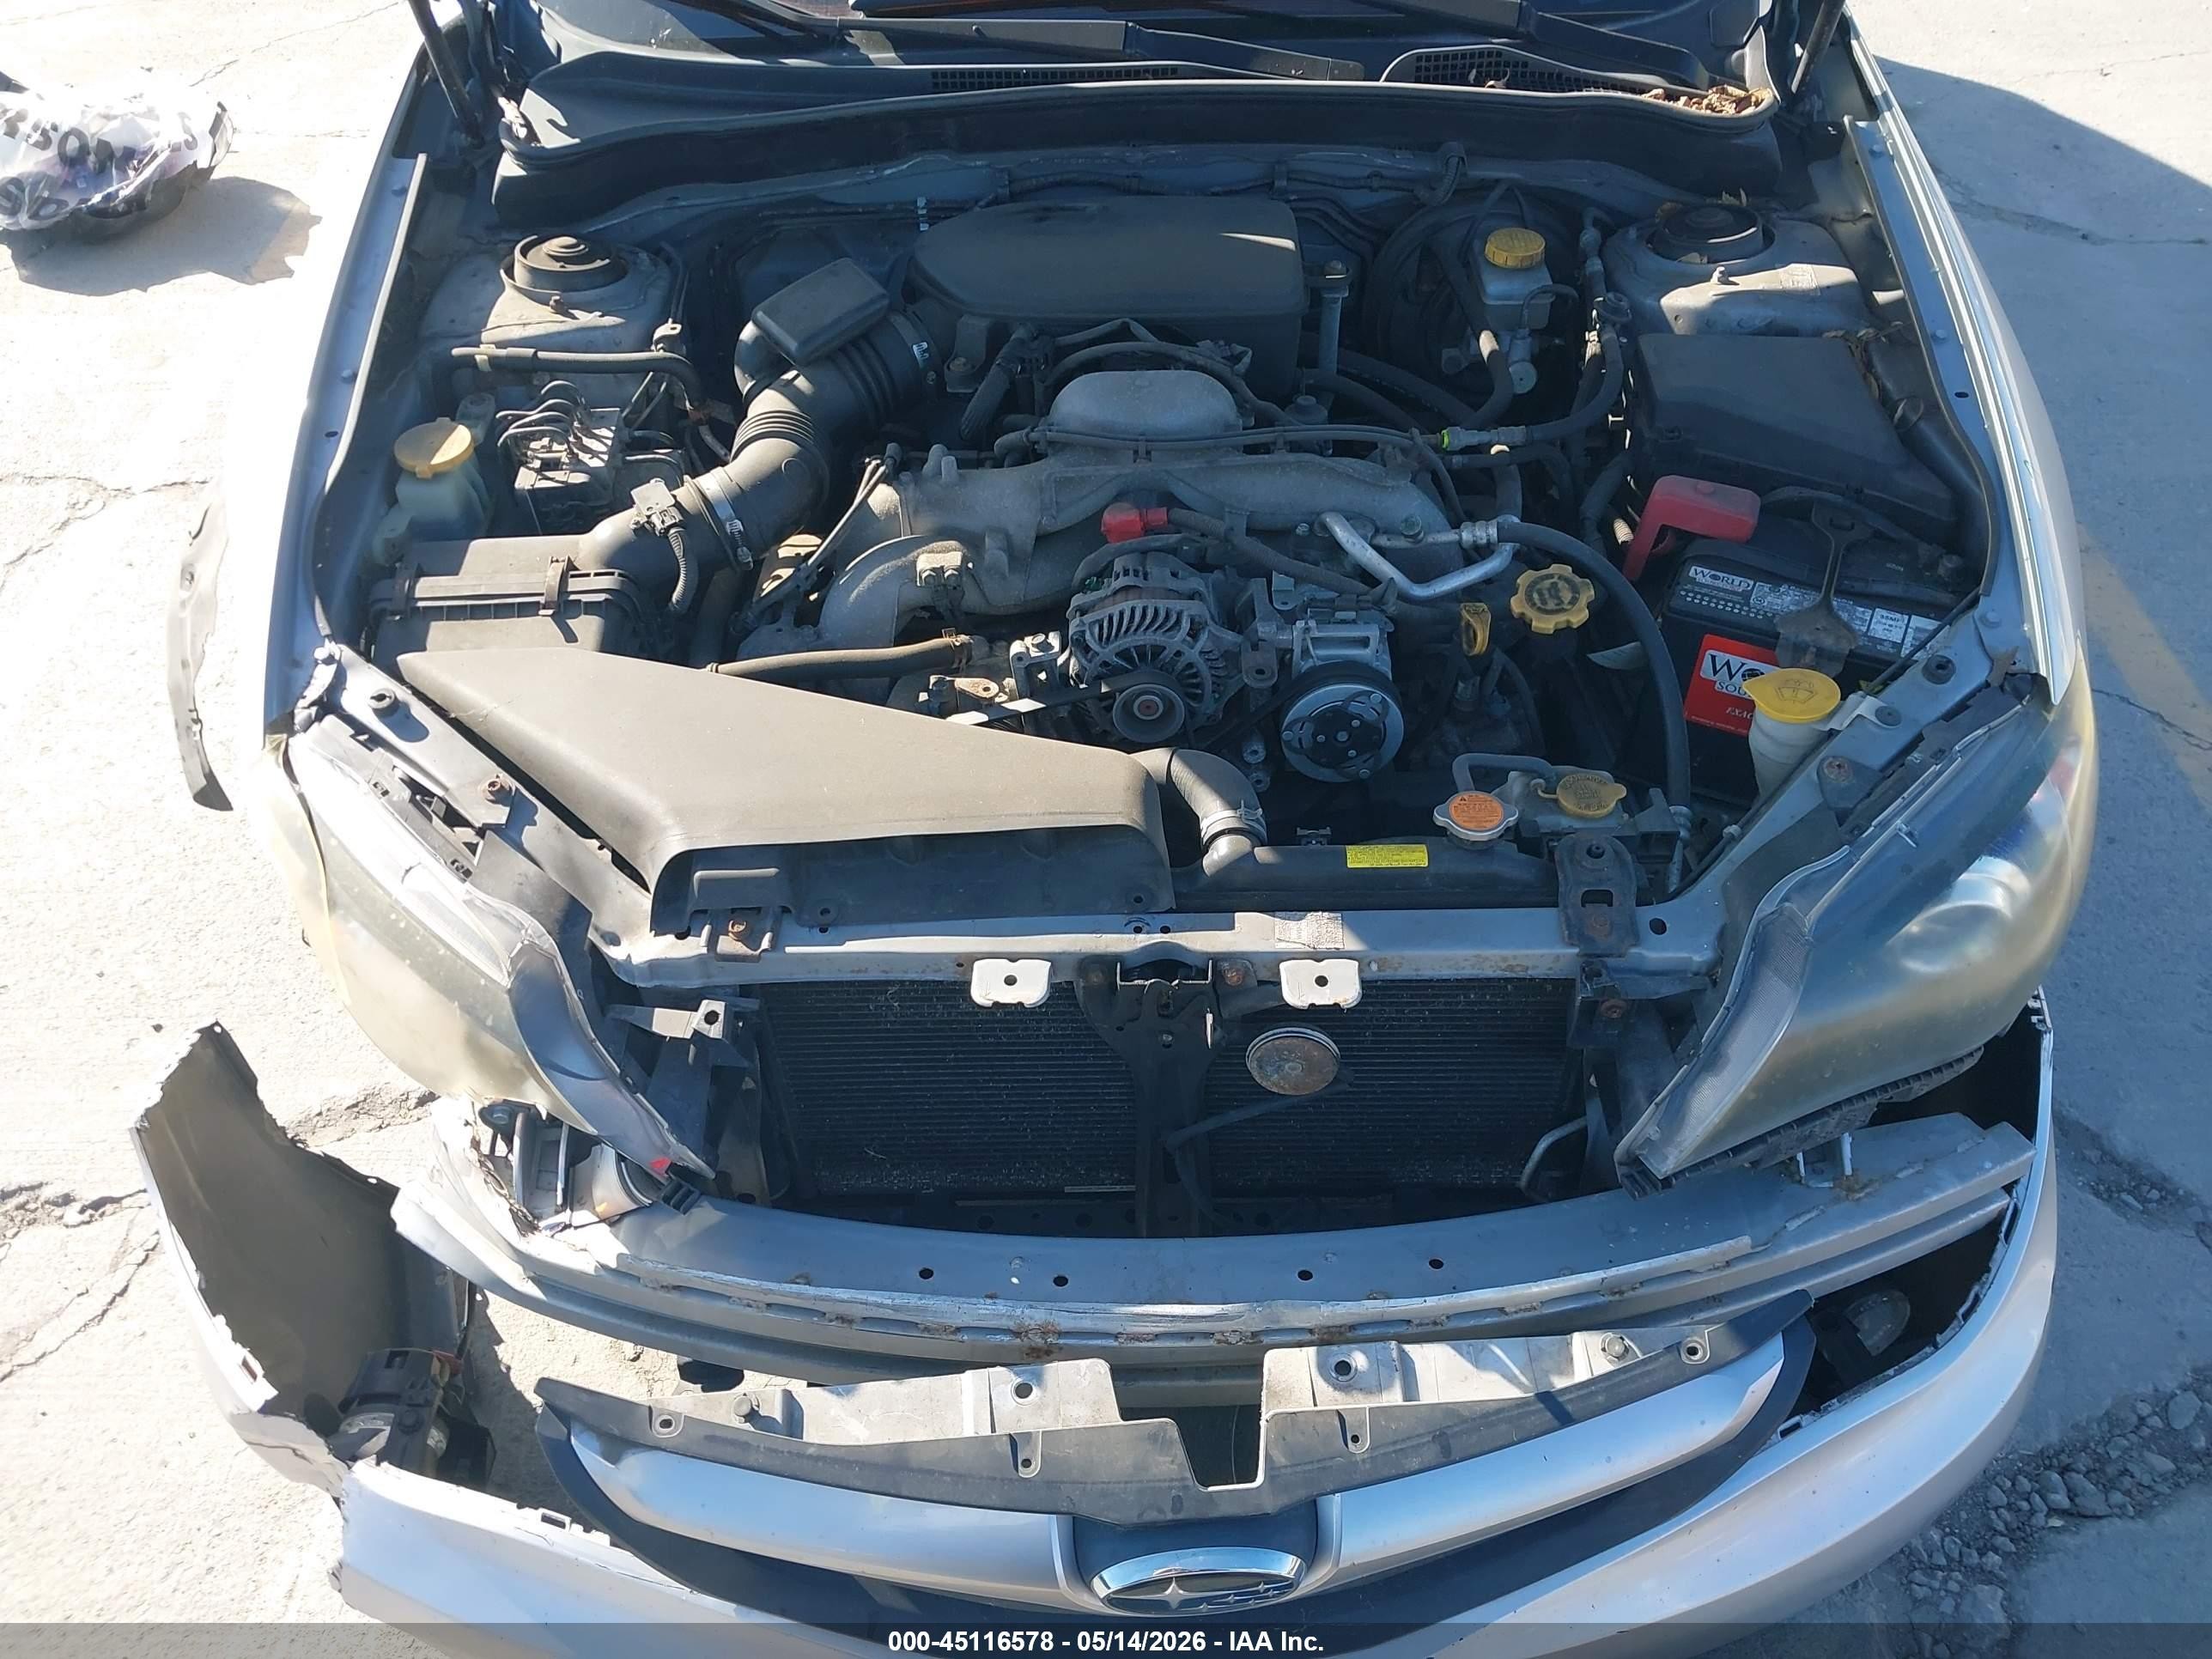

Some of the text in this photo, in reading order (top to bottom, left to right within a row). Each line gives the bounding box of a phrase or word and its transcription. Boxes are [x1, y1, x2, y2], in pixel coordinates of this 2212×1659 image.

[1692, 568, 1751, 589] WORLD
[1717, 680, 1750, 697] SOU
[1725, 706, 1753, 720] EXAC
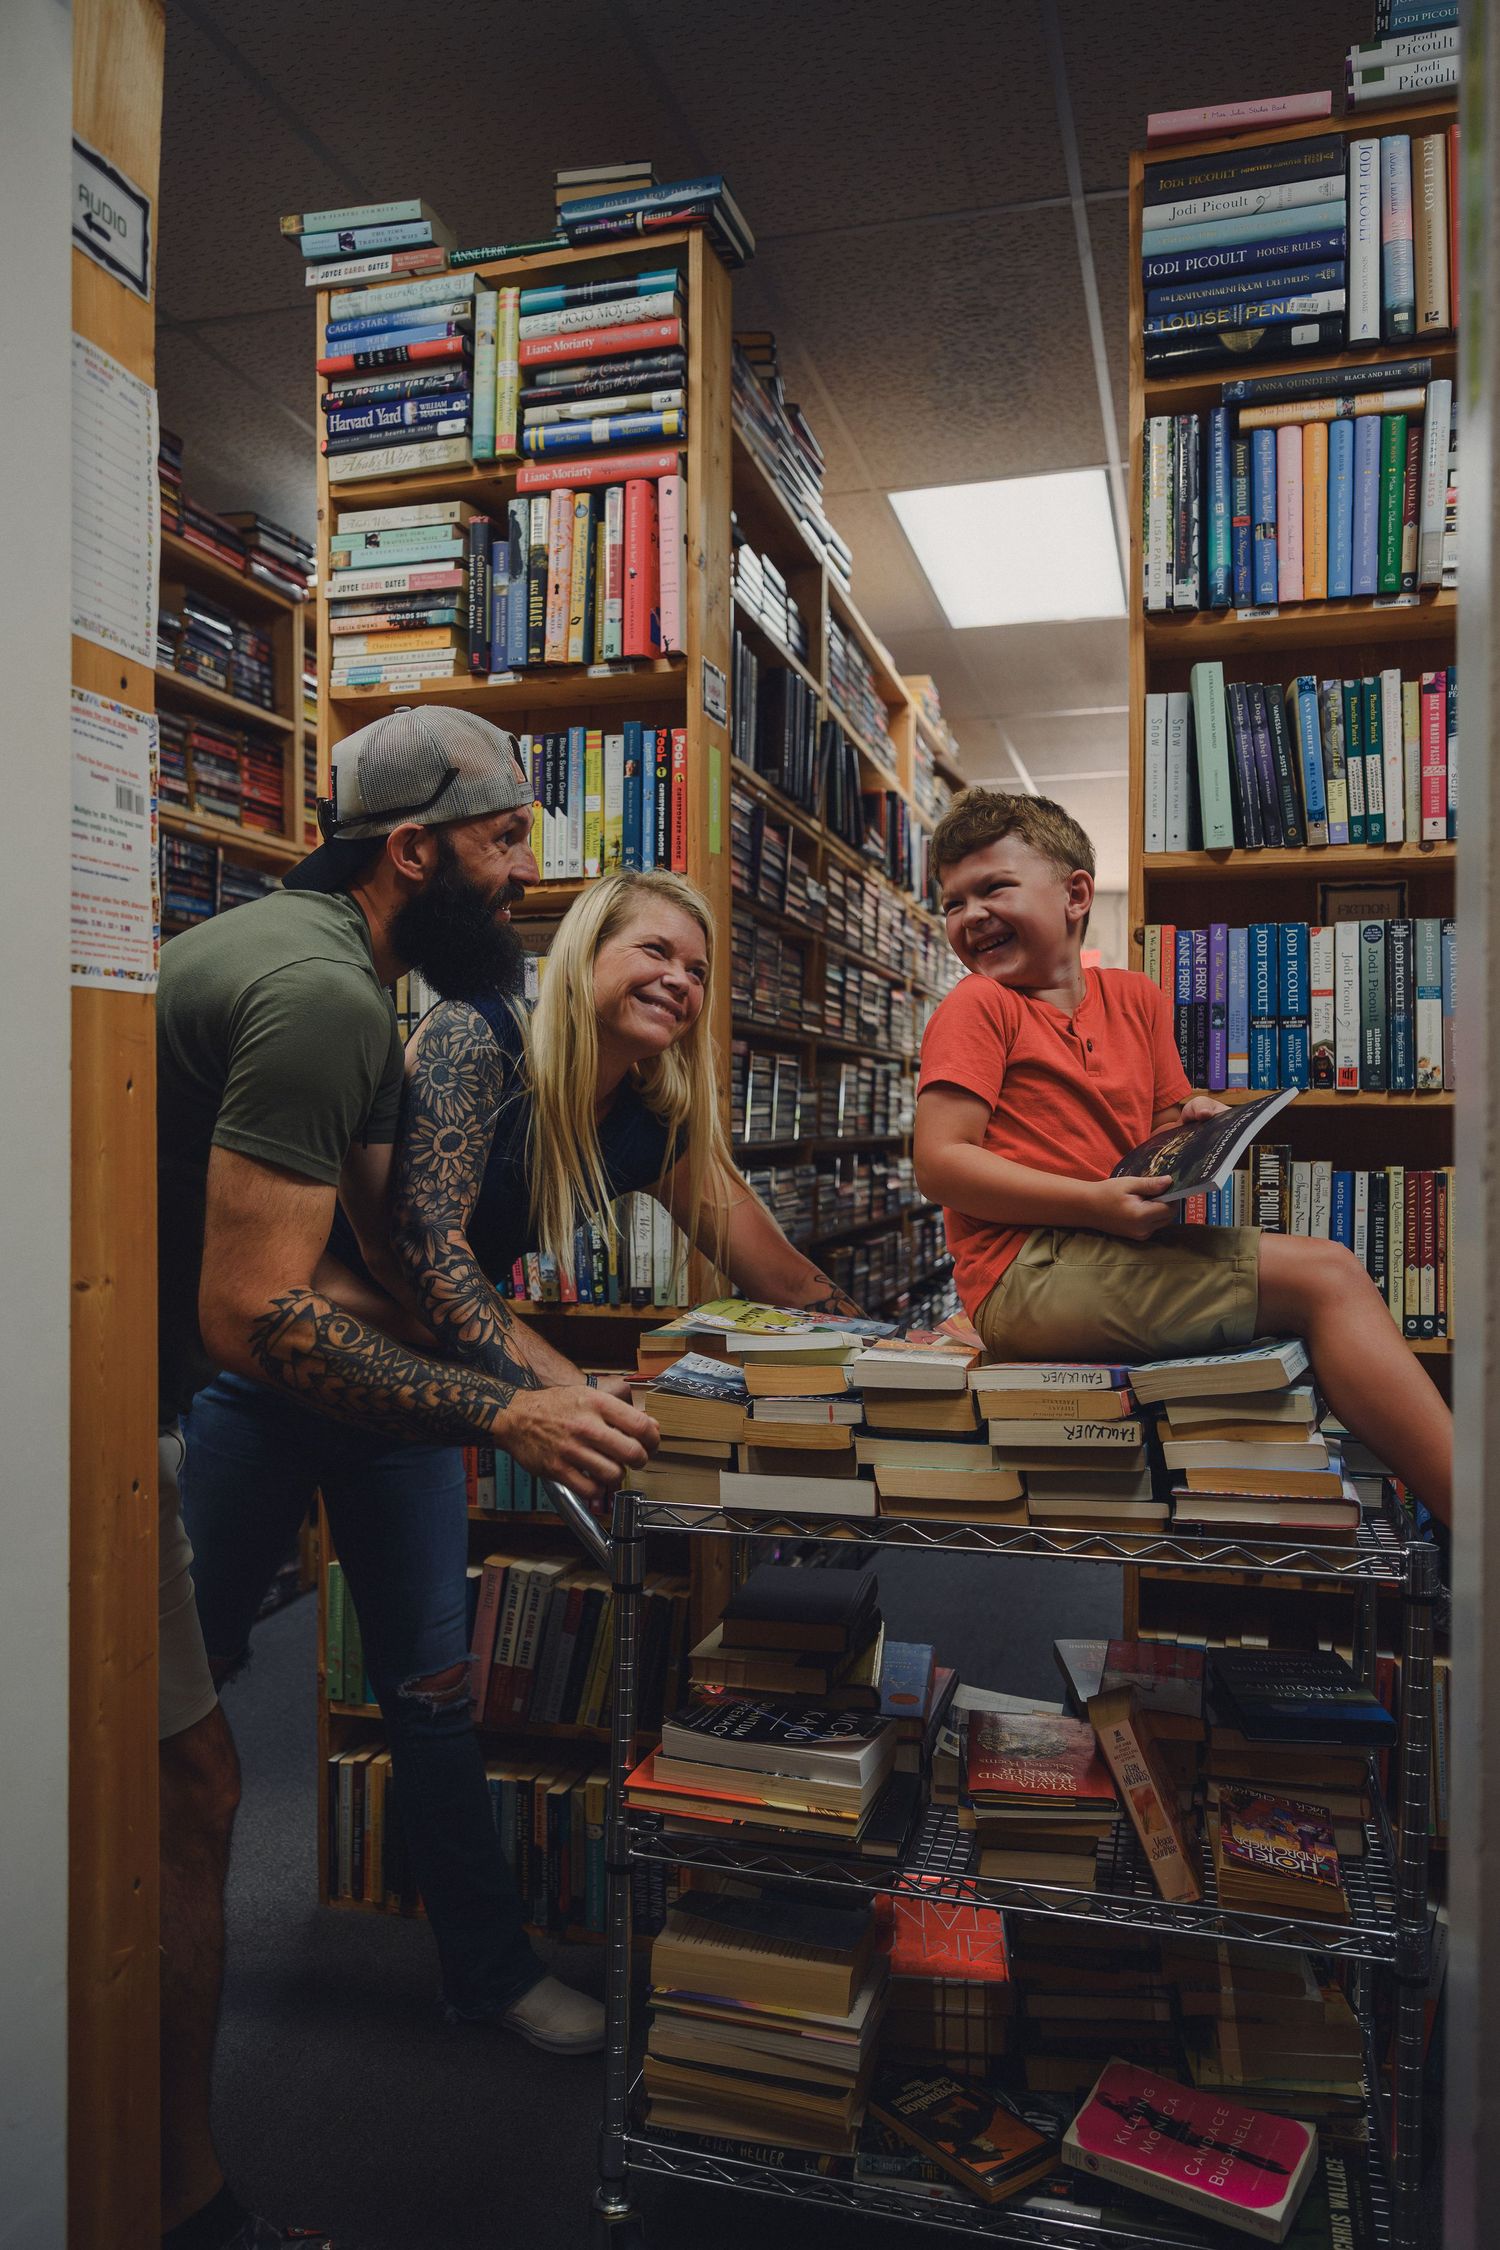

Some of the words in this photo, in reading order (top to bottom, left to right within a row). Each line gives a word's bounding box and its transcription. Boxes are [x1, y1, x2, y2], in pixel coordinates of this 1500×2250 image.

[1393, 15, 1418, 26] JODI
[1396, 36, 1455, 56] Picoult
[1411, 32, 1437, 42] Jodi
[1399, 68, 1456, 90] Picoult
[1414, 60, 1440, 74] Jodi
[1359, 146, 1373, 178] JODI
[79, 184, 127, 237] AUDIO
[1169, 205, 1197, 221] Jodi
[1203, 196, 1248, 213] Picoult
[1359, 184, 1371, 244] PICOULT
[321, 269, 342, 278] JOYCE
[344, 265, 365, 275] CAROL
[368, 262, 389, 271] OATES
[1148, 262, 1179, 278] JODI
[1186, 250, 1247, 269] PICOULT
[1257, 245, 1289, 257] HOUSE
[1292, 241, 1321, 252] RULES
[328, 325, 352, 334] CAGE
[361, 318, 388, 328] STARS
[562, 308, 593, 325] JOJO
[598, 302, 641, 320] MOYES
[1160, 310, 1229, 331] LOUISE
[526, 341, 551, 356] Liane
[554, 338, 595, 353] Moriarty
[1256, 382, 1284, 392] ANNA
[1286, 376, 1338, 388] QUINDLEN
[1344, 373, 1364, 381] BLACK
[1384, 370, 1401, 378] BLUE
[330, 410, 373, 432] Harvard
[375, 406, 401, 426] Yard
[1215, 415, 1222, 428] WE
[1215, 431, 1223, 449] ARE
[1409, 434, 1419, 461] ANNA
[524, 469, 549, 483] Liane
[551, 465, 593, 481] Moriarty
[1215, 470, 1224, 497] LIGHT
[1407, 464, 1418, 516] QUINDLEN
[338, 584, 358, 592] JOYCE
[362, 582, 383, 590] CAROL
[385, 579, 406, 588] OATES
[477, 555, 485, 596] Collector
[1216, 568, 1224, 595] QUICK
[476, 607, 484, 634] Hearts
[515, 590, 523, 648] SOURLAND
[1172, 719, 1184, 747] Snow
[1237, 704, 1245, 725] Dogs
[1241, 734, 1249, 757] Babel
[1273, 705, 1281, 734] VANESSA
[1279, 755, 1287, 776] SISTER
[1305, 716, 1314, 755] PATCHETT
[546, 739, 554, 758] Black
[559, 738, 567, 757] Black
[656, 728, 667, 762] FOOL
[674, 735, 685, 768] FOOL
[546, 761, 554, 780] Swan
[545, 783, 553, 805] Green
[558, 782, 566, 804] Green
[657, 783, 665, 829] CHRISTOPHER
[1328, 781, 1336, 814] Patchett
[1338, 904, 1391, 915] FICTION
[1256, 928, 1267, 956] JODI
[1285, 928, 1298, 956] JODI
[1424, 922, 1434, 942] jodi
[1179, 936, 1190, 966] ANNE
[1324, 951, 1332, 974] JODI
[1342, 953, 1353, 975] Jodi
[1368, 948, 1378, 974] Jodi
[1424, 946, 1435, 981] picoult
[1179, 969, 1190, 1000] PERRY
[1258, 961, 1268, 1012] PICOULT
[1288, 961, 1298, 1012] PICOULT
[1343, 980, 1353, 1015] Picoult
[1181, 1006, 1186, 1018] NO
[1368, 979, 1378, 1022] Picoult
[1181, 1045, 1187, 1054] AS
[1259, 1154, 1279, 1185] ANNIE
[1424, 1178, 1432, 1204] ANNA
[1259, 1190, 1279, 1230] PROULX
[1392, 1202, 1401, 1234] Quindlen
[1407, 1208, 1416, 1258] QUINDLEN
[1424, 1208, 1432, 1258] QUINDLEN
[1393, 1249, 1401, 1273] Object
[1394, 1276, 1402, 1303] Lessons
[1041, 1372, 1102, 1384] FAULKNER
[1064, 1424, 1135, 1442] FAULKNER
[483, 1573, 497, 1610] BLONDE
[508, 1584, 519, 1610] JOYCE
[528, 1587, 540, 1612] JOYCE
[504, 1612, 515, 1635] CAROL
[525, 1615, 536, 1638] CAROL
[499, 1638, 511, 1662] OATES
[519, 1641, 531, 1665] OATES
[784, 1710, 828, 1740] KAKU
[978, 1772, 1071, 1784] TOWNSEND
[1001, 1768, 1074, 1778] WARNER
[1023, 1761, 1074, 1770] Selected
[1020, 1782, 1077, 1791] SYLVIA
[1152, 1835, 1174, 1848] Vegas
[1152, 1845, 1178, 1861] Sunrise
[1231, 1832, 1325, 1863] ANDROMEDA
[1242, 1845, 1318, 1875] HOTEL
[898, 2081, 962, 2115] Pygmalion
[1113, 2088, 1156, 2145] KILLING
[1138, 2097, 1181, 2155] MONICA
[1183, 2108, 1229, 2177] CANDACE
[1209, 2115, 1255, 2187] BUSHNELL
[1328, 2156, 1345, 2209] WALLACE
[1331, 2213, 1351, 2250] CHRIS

(Task to complete): Find the word "this" in the records, and report each line that has it.

(Solved problem):
Some of the text in this photo, in reading order (top to bottom, left to right within a row). Each line gives the bounding box of a phrase or word and its transcription. Boxes are [x1, y1, x2, y2], in pixel coordinates of this 2212×1659 image.
Some of the words in this photo, in reading order (top to bottom, left to right within a row). Each line gives a word's bounding box and its transcription. Boxes are [x1, y1, x2, y2], in pixel coordinates of this 1500×2250 image.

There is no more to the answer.